We stuck to the original plan. MTY Gels (thanks JD Hartman) and 1/4+Green worked well, gave a warm, kind-of-sick lavish color.

 

Sodium can be tough for night interiors, since if you're using dimmed down practicals, all of your lights will be super warm and it can become a little unclear that it's supposed to be a sodium street light that's coming through the windows.

 

Because of that, colour contrast can be your friend here. Perhaps look into sourcing some low-wattage bulbs for your practicals so that they can remain a more neutral (undimmed) 3200-ish kelvin, whilst your 'sodium' ambience plays in much warmer.

 

I thought about that, we used mostly 40w cheap bulbs and cut directly on the lamps to achieve contrast compared to gelled Lekos from the windows.

 

 

I think one key thing is just to nail the exposure levels. Our eyes see so differently then cameras in low light situations I think people have trouble translating it for the camera.

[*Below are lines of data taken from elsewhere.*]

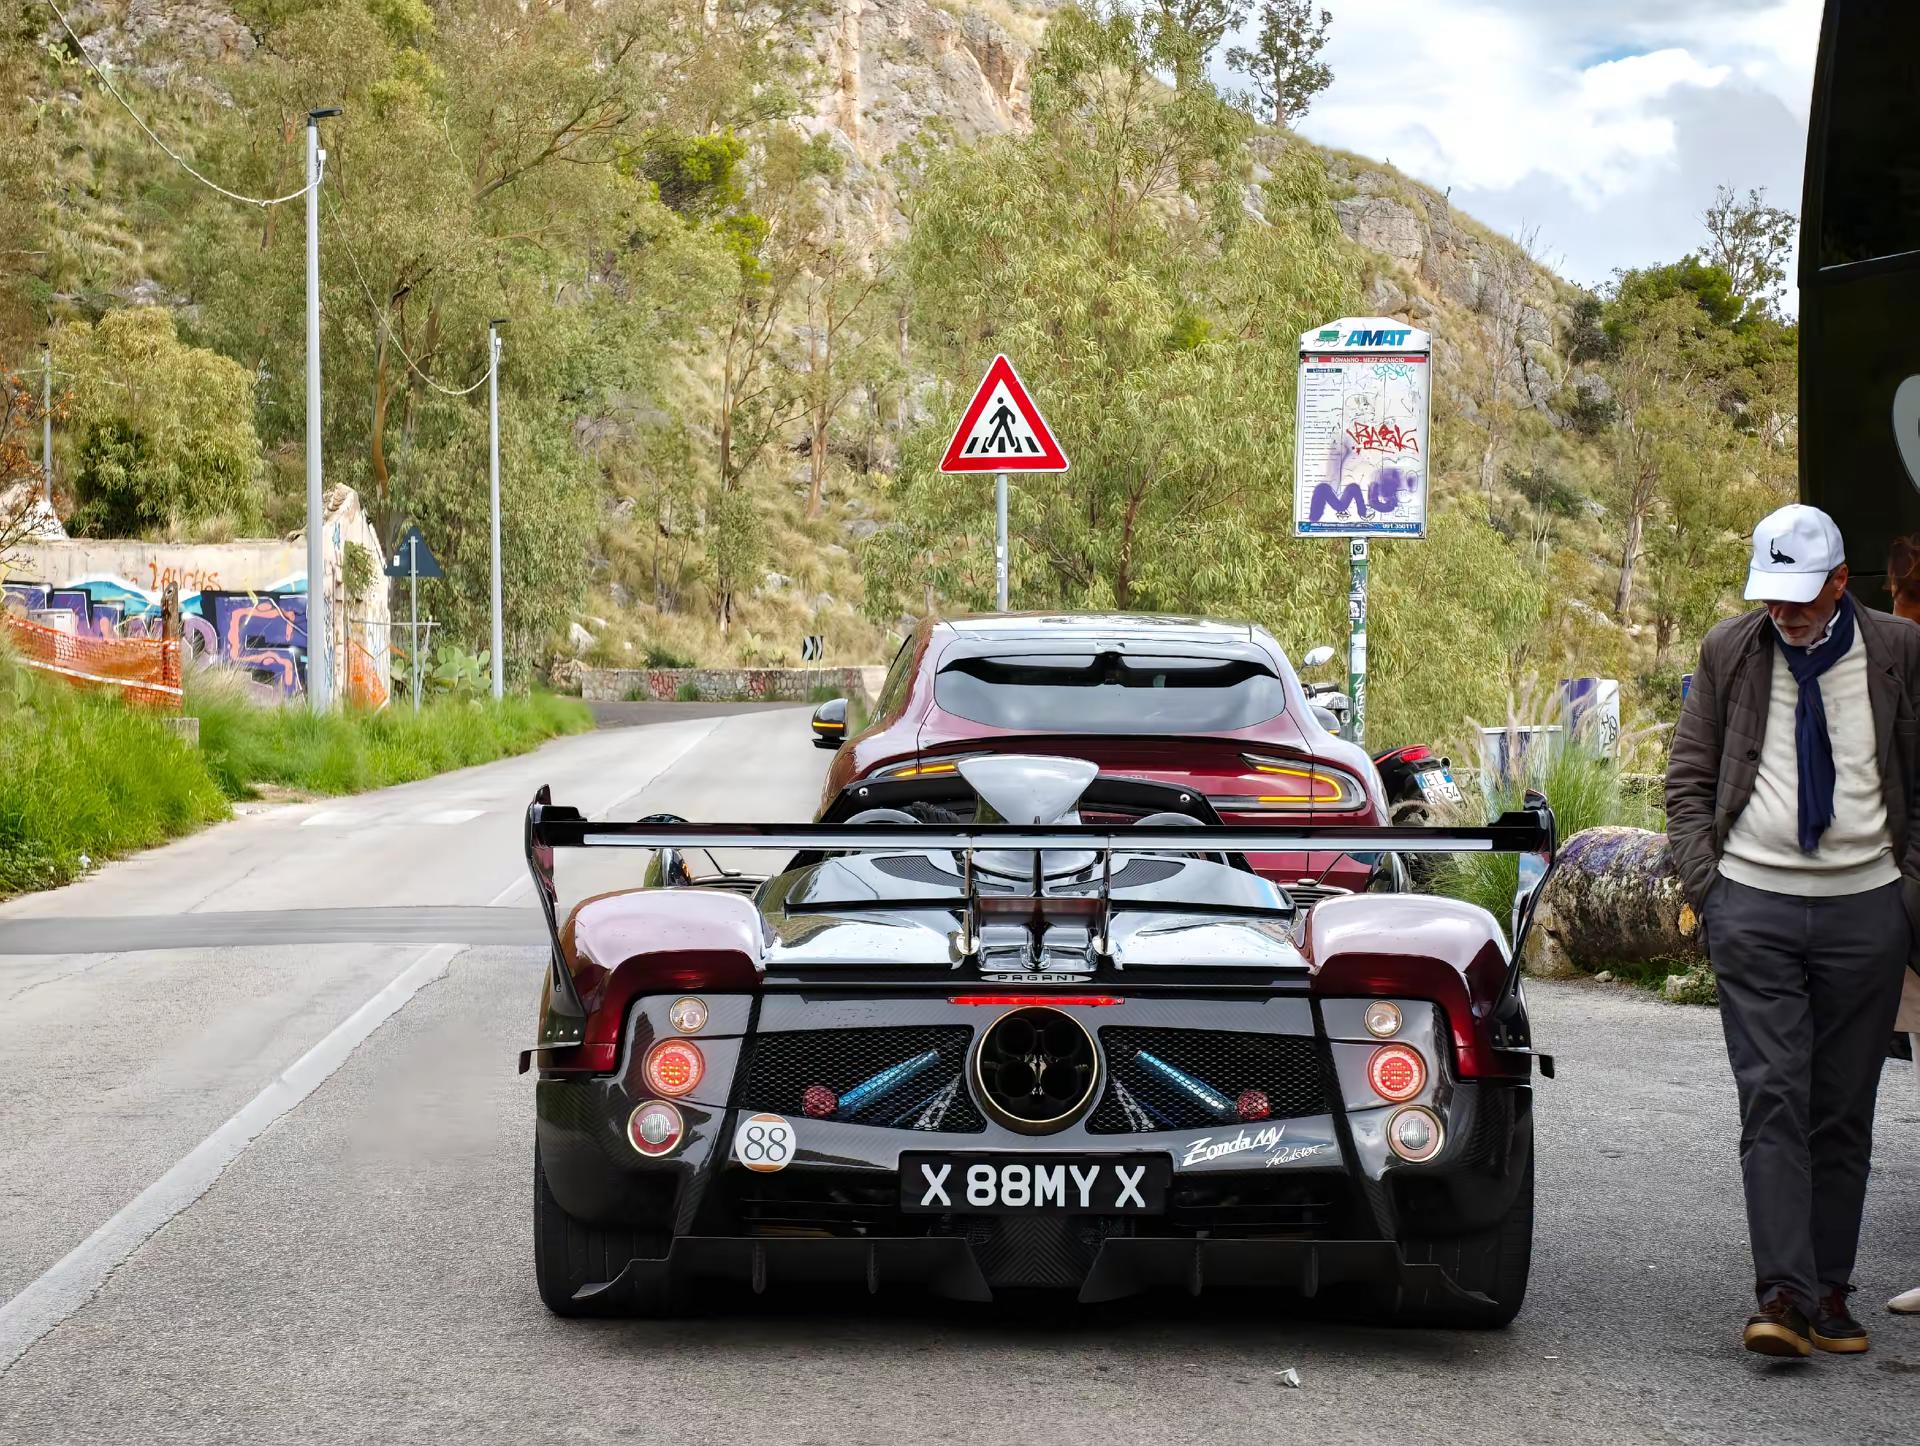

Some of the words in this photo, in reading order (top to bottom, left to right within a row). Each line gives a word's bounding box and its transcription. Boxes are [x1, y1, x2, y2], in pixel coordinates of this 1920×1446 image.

[1344, 330, 1412, 347] AMAT
[997, 974, 1076, 982] PAGANI
[744, 1126, 787, 1162] 88
[1182, 1129, 1251, 1167] Zonda
[920, 1164, 952, 1206] X
[966, 1164, 1100, 1207] 88MY
[1115, 1165, 1146, 1208] X

I almost always find I need to underexpose more then I'm comfortable with, that is while keeping some marginal exposure in darks areas of the frame.

 

It is one of those shoots I barely if saw anything the DP shot, but he told me he was 2 stop OVER the whole time, to be able to crush contrats afterwards... Slog looked like middle of the day when I saw it... Guessing he knows what he's doing, but I would have gone the way you see it...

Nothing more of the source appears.